Evaluating Causal Discovery Algorithms with Software Systems
To obtain realistic data for evaluating causal discovery algorithms, we designed and executed factorial experiments on three large-scale software systems: PostgreSQL, the Java Development Kit, and web server infrastructure. Each domain is characterized by three classes of variables: covariates, treatments, and outcomes. Under the factorial experiment design, outcomes were measured for every combination of subjects and treatments. This yields a dataset with many records for the same subject. To permit a variety of data transformation opportunities, we performed multiple trials of each factorial experiment.
PostgreSQL
We collected a sample of StackOverflow‘s database, and gathered a sample of user-authored queries from their query explorer. We executed each query against our sample of the database, varying database configuration and monitoring query execution.
11,252 subjects
3 treatments
7 outcomes
10 covariates
JDK
We downloaded a sample of Maven-enabled Java projects from GitHub. We compiled and ran the unit tests of each project, varying JDK options and monitoring runtime behavior.
473 subjects
3 treatments
5 outcomes
5 covariates
Networking
We identified a pool of websites using a small web crawl.
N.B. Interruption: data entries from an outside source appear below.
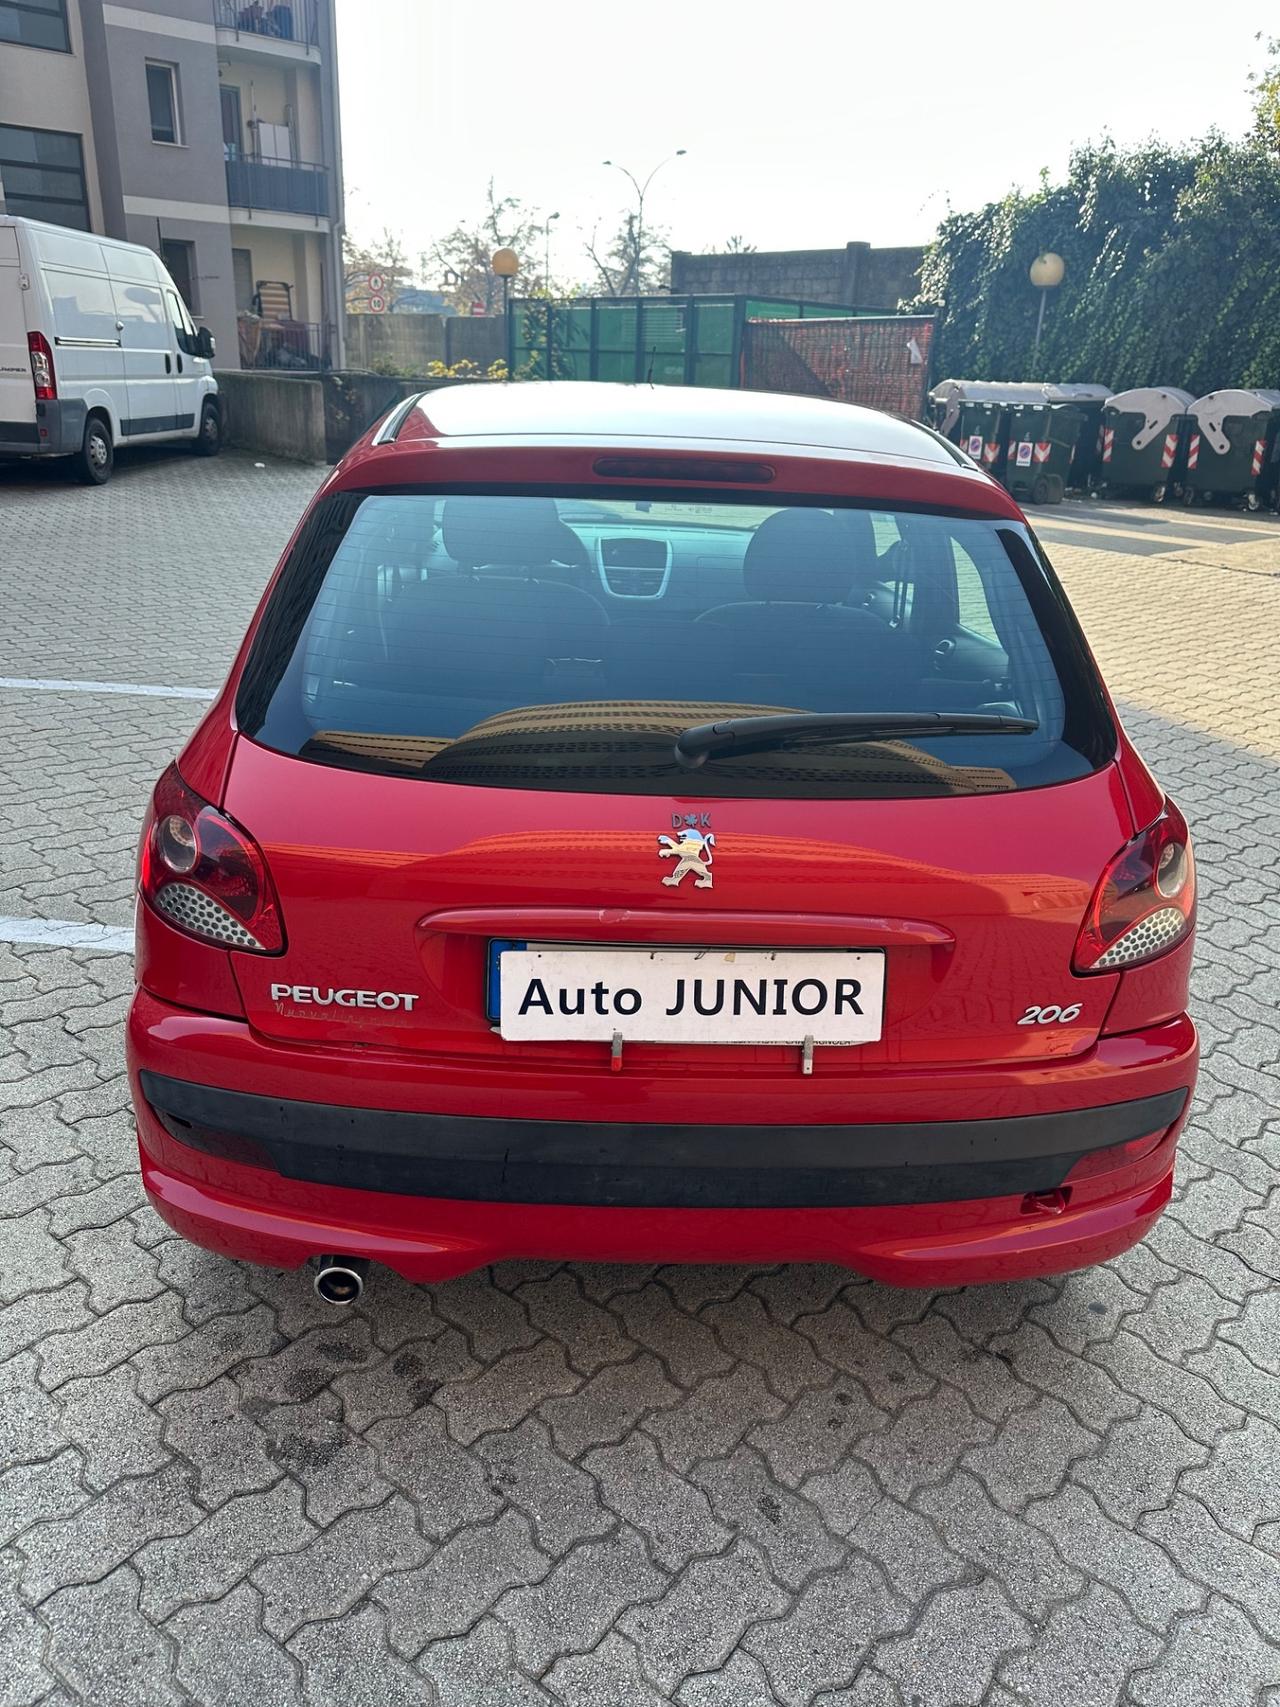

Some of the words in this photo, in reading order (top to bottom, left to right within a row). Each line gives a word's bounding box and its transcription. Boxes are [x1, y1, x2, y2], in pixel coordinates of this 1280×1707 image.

[270, 983, 420, 1012] PEUGEOT
[517, 978, 642, 1016] Auto
[665, 978, 865, 1016] JUNIOR
[1016, 1002, 1084, 1026] 206
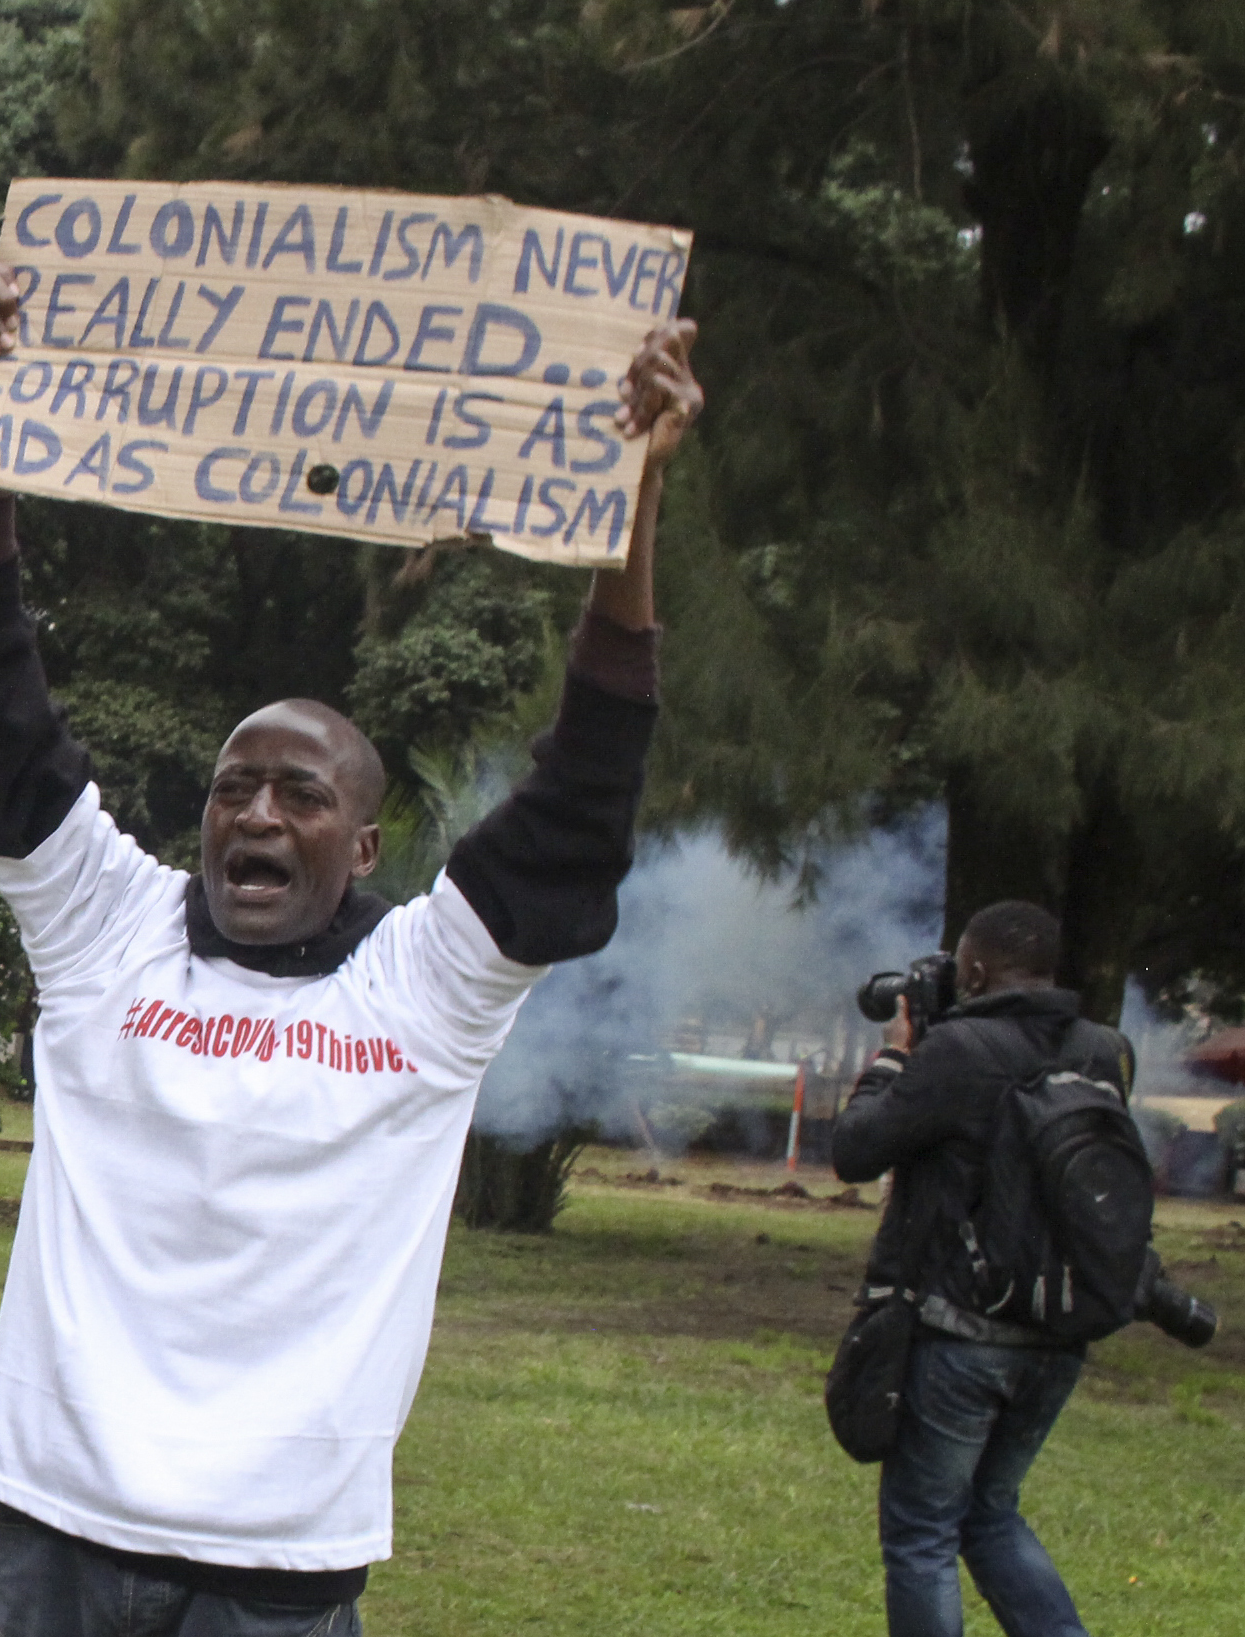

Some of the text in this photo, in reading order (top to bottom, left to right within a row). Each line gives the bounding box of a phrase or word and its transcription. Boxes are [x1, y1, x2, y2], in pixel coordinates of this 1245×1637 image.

[13, 265, 246, 355] REALLY
[16, 194, 686, 321] COLONIALISM NEVER
[425, 386, 506, 449] IS
[517, 395, 623, 474] AS
[62, 430, 169, 495] AS
[194, 446, 628, 554] COLONIALISM
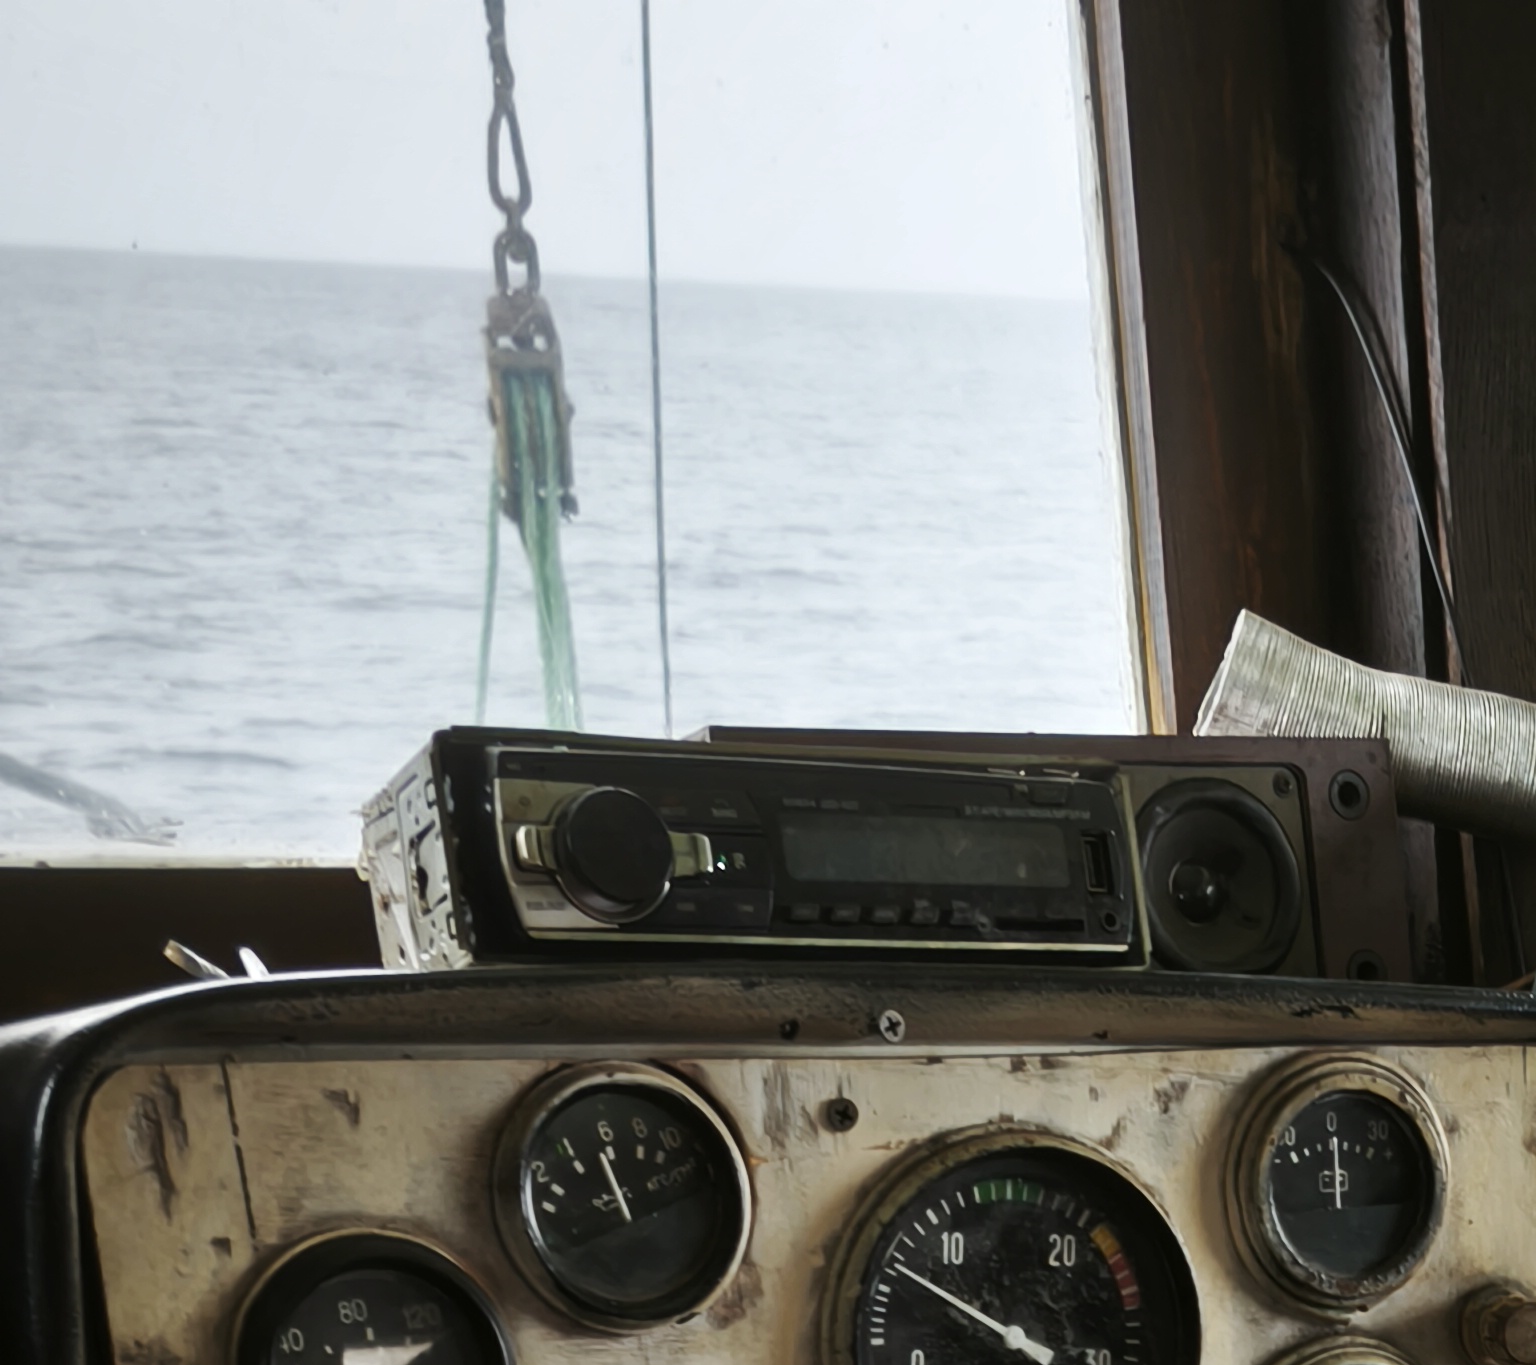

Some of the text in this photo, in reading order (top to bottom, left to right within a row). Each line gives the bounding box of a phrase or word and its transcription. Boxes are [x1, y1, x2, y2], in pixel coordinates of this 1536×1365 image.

[596, 1119, 615, 1143] 6
[630, 1116, 649, 1139] 8
[657, 1126, 683, 1151] 10
[1326, 1111, 1390, 1141] 0 30
[941, 1231, 1076, 1267] 10 20
[337, 1298, 368, 1325] 80
[402, 1302, 443, 1330] 120
We then executed several web requests against each site, varying request parameters and monitoring output.
2,599 subjects
3 treatments
5 outcomes
1 covariate
PostgreSQL Details
Field Name | Category | Description |
---|---|---|
url | subject identifier | Identifies the source of the query |
trial | trial identifier | |
index_level | treatment | Indicates the level of indexing employed. 0: No indexing 1: Indexing on primary keys and foreign keys only 2: Indexing on primary keys, foreign keys, and other commonly-referenced fields |
page_cost | treatment | Indicates the estimated disk access cost provided to the Postgres query planner. 0 corresponds the smallest disk access cost, 3 corresponds the largest disk access cost. |
memory_level | treatment | The amount of working memory provided to Postgres, in increasing increments from 0 to 2 |
local_written_blocks | outcome | The number of blocks written to temporary tables andindices |
temp_written_blocks | outcome | The number of blocks written to short-term working memory |
shared_hit_blocks | outcome | Number of regular table blocks hit in the cache |
temp_read_blocks | outcome | Number of blocks read from temporary tables and indices |
local_read_blocks | outcome | Number of blocks read from temporary tables and indices |
runtime | outcome | Runtime of the query in milliseconds |
shared_read_blocks | outcome | Number of blocks read from regular tables and indices |
rows | covariate | The number of rows produced by the query |
creation_year | covariate | Year the query was created on the StackOverflow site. |
num_ref_tables | covariate | Number of tables referenced by the query |
num_joins | covariate | Number of joins employed by the query |
num_group_by | covariate | Number of “group by” clauses employed by the query |
queries_by_user | covariate | The number of other queries written by the author of this query |
length_chars | covariate | Length of the query in characters |
total_ref_rows | covariate | Total number of rows of all tables referenced in the query |
local_hit_blocks | covariate | Number of temporary table and temporary index blocks hit in the cache |
favorite_count | covariate | Number of times another StackOverflow user has marked this query as a favorite |
JDK Details
Field Name | Category | Description |
---|---|---|
repo_name | subject identifier | Name of the GitHub repository containing the experimentation code |
trial | trial identifier | |
debug | treatment | Indicates whether debug symbols were requested during compilation |
obfuscate | treatment | Indicates whether a code obfuscator was run on the final JAR file |
parallelgc | treatment | Indicates whether a parallel garbage collection was employed during execution (instead of serial garbage collection) |
num_bytecode_ops | outcome | Number of bytecode instructions in the compiled code |
total_unit_test_time | outcome | Number of seconds required to execute unit tests |
allocated_bytes | outcome | Number of bytes allocated during execution of unit tests |
jar_file_size_bytes | outcome | Size of JAR file after compilation (and possibly obfuscation) |
compile_time_ms | outcome | Number of milliseconds to compile the source |
source_ncss | covariate | Number of non-comment source statements in the source code |
test_classes | covariate | Number of Java classes in the unit test source |
test_functions | covariate | Number of functions in the unit test source |
test_ncss | covariate | Number of non-comment source statements in the test source |
test_javadocs | covariate | Number of JavaDoc comments in the test source |
Networking Details
Field Name | Category | Description |
---|---|---|
url | subject identifier | Web address requested |
trial | trial identifier | |
mobile_user_agent | treatment | Indicates if the site was requested with a mobile user agent |
proxy | treatment | Indicates if the site was requested through a proxy server |
compression | treatment | Indicates if the request indicates that compression is supported |
html_attrs | outcome | Number of HTML attributes in the response |
html_tags | outcome | Number of HTML tags in the response |
elapsed | outcome | Elapsed time between request and response in seconds |
decompressed_content_length | outcome | Length of the response content, in bytes, after decompression |
raw_content_length | outcome | Length of the response content, in bytes, before decompression |
server.class | covariate | Category of web server issuing the response |